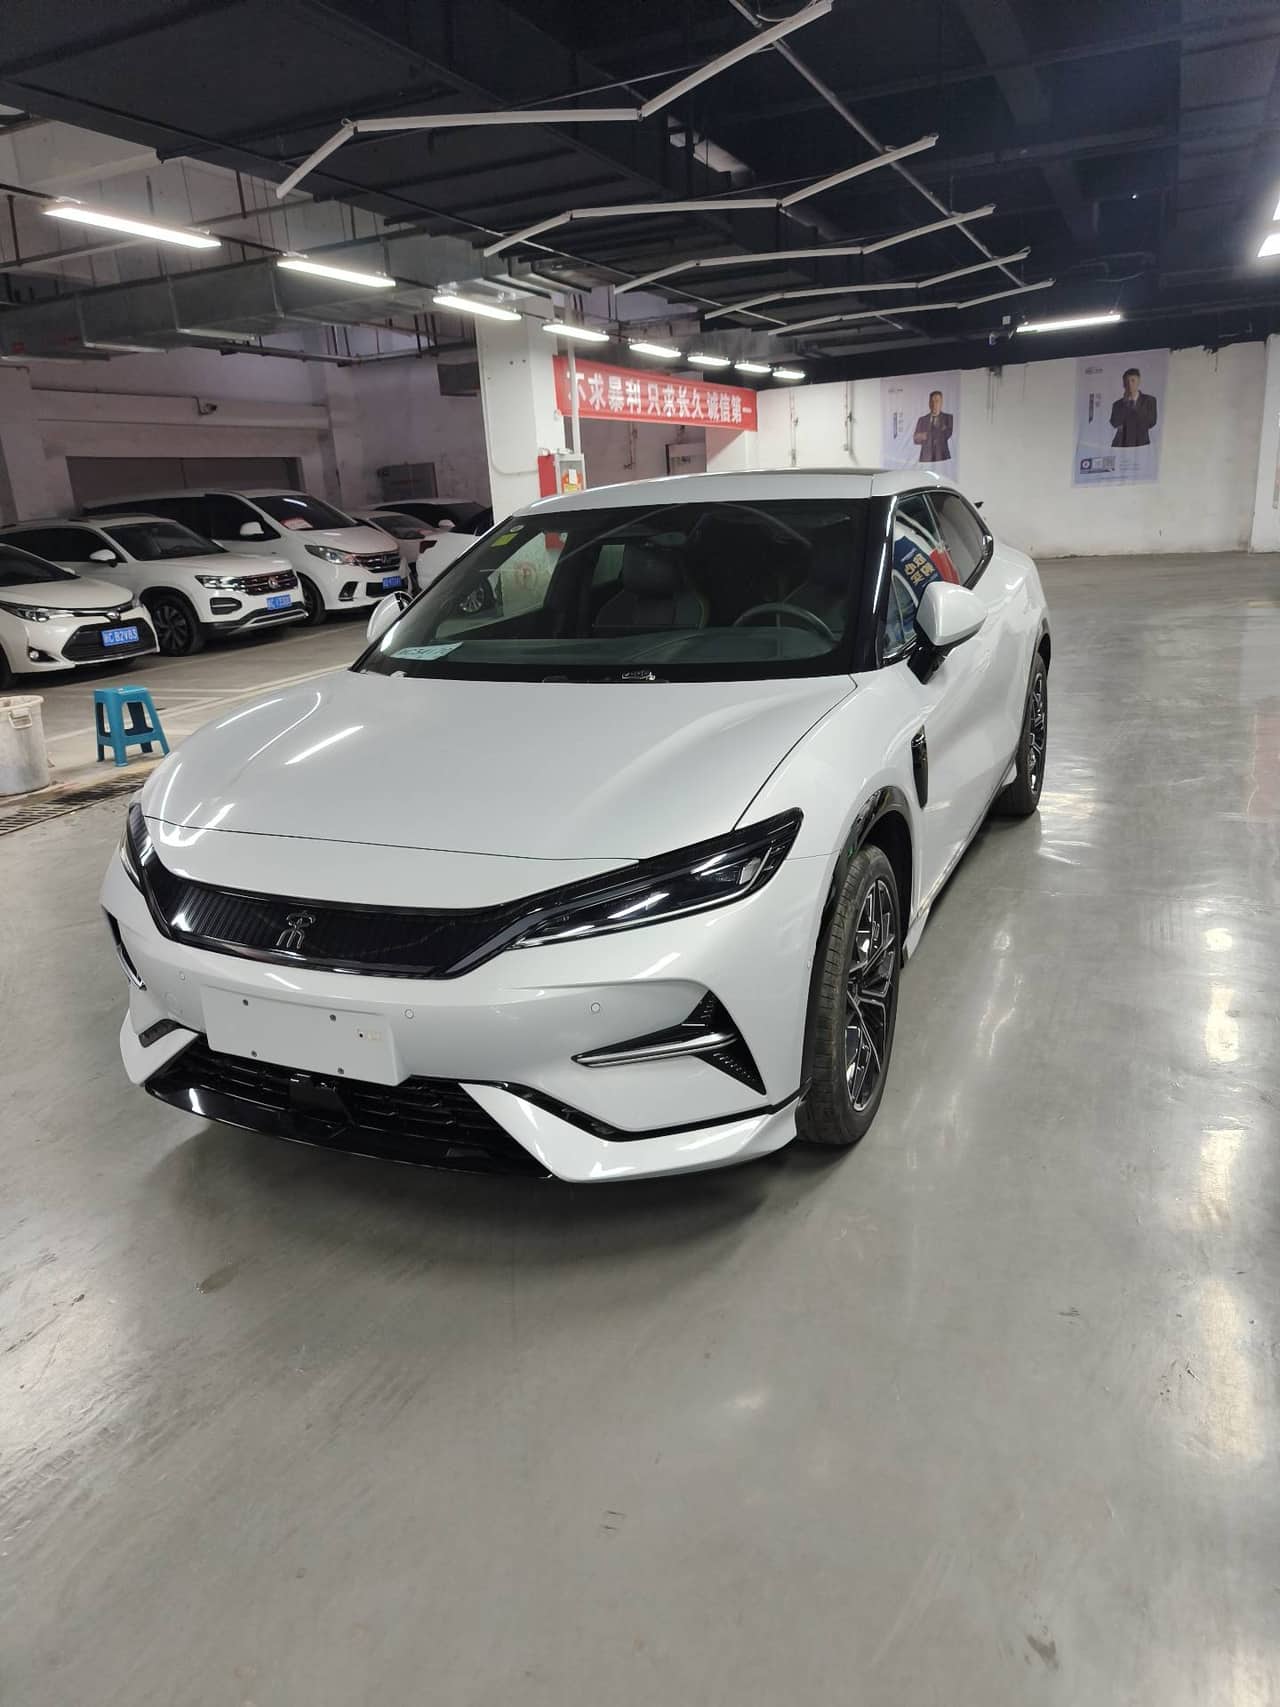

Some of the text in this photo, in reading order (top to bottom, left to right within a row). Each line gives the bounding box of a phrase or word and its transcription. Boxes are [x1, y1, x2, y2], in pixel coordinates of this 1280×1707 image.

[567, 371, 752, 424] 不求暴利 只求长久 诚信第一
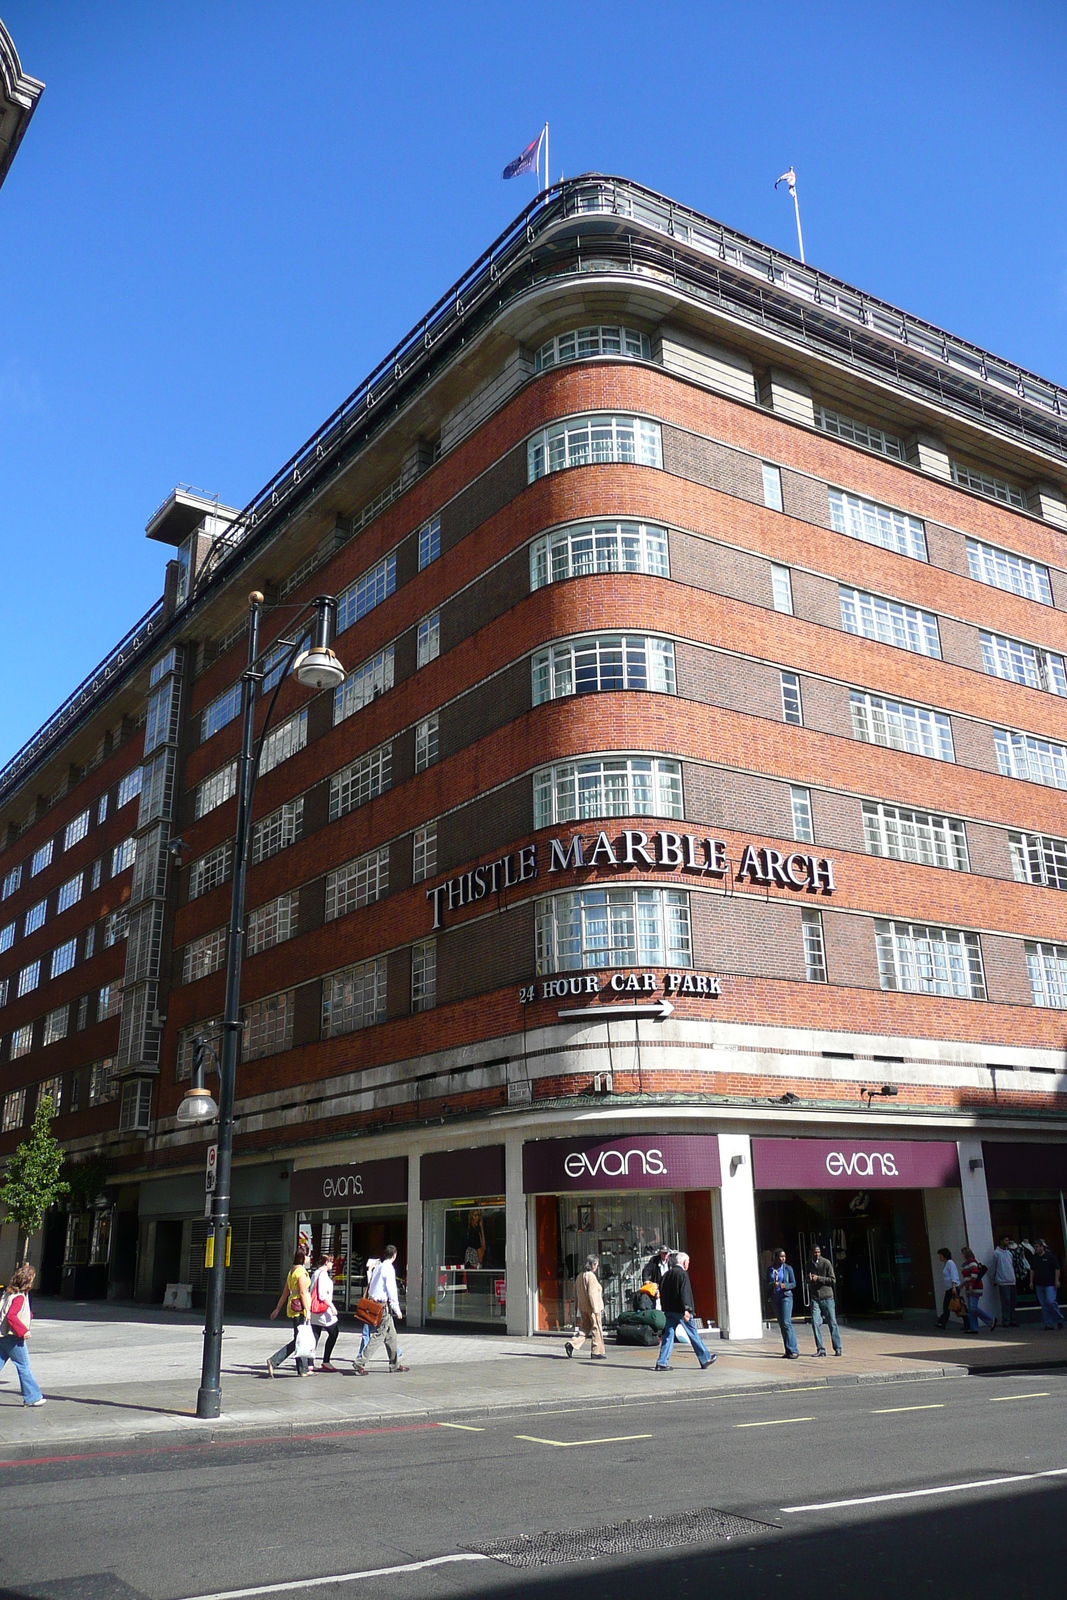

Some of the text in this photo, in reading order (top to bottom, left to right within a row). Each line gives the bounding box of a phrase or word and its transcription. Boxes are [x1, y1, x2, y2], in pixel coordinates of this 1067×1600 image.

[426, 830, 838, 930] THISTLE MARBLE ARCH
[519, 973, 723, 1004] 24 HOUR CAR PARK
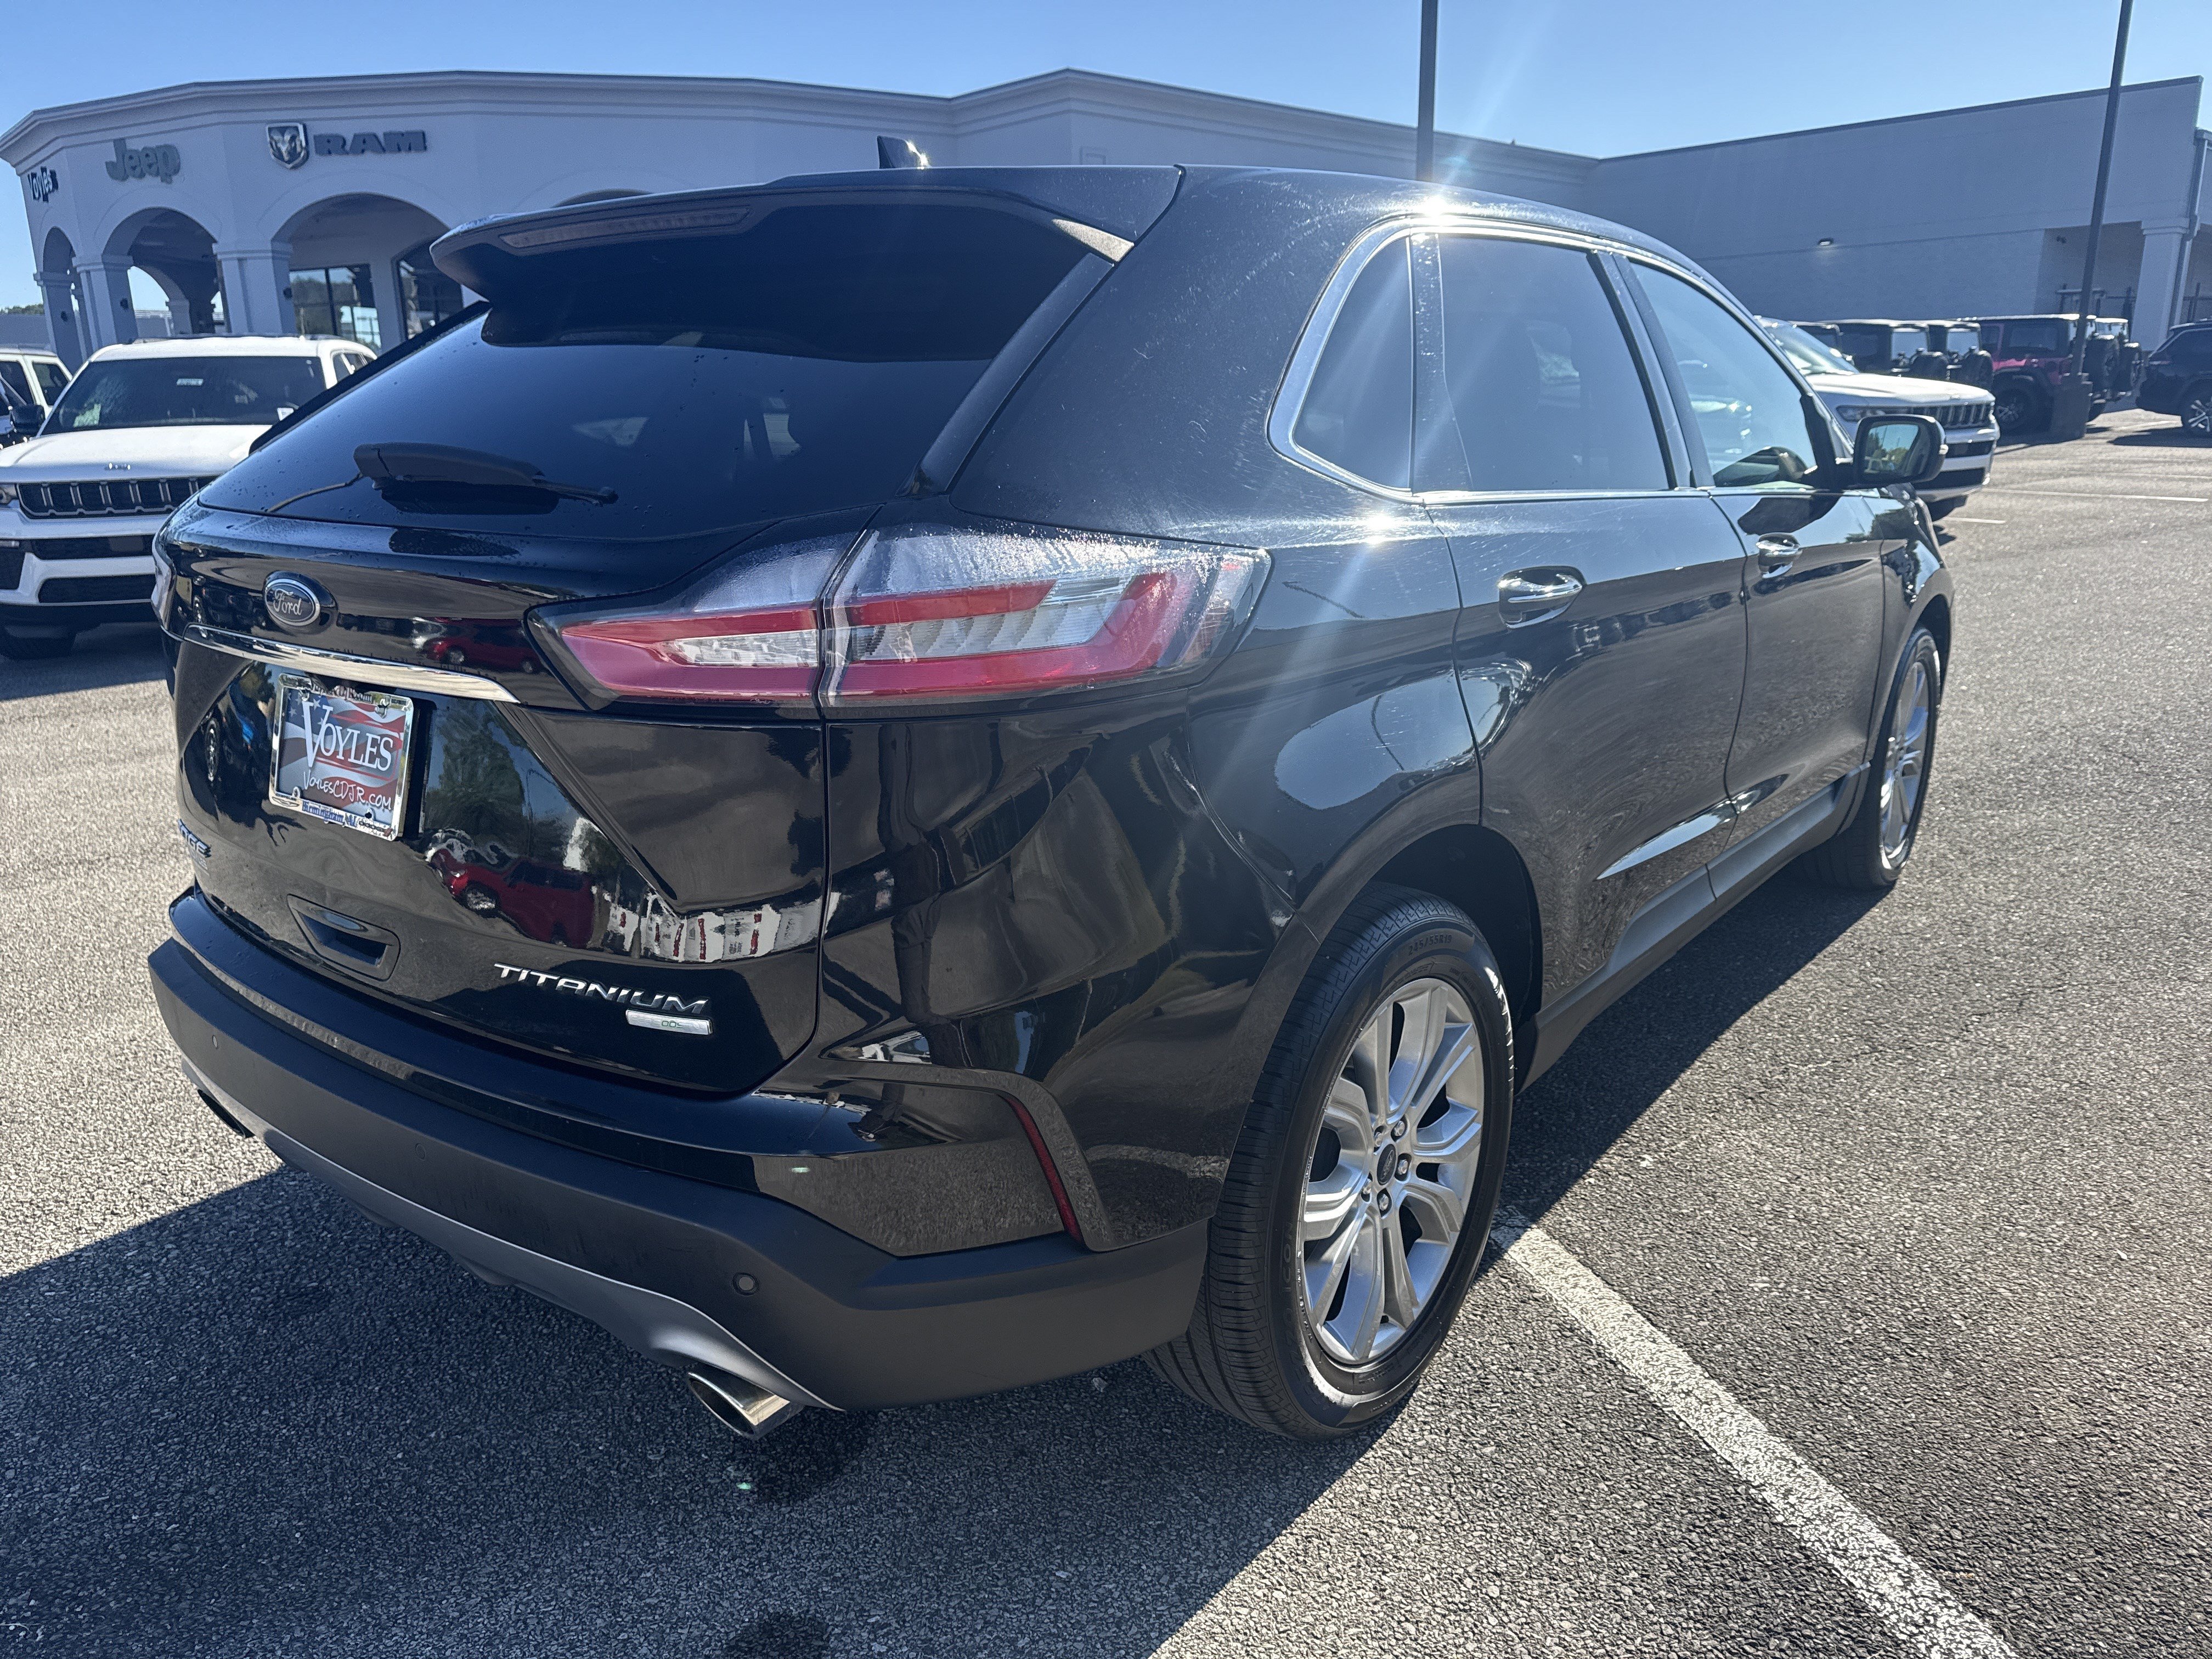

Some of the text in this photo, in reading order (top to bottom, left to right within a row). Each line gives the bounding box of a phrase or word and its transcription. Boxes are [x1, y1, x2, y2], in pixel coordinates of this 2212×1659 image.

[105, 138, 181, 184] Jeep
[313, 131, 427, 156] RAM
[273, 588, 302, 616] Ford
[494, 963, 709, 1014] TITANIUM

**Task statement:**
In full and without change, repeat the material above, minus the pictures.

**Written solution:**
Some of the text in this photo, in reading order (top to bottom, left to right within a row). Each line gives the bounding box of a phrase or word and its transcription. Boxes are [x1, y1, x2, y2], in pixel coordinates of this 1280×1707 image.

[567, 371, 752, 424] 不求暴利 只求长久 诚信第一

Some of the text in this photo, in reading order (top to bottom, left to right within a row). Each line gives the bounding box of a phrase or word and its transcription. Boxes are [x1, y1, x2, y2], in pixel coordinates of this 1067×1600 image.

[426, 830, 838, 930] THISTLE MARBLE ARCH
[519, 973, 723, 1004] 24 HOUR CAR PARK

Some of the text in this photo, in reading order (top to bottom, left to right within a row). Each line gives the bounding box of a phrase or word and its transcription. Boxes are [x1, y1, x2, y2], in pixel coordinates of this 2212×1659 image.

[105, 138, 181, 184] Jeep
[313, 131, 427, 156] RAM
[273, 588, 302, 616] Ford
[494, 963, 709, 1014] TITANIUM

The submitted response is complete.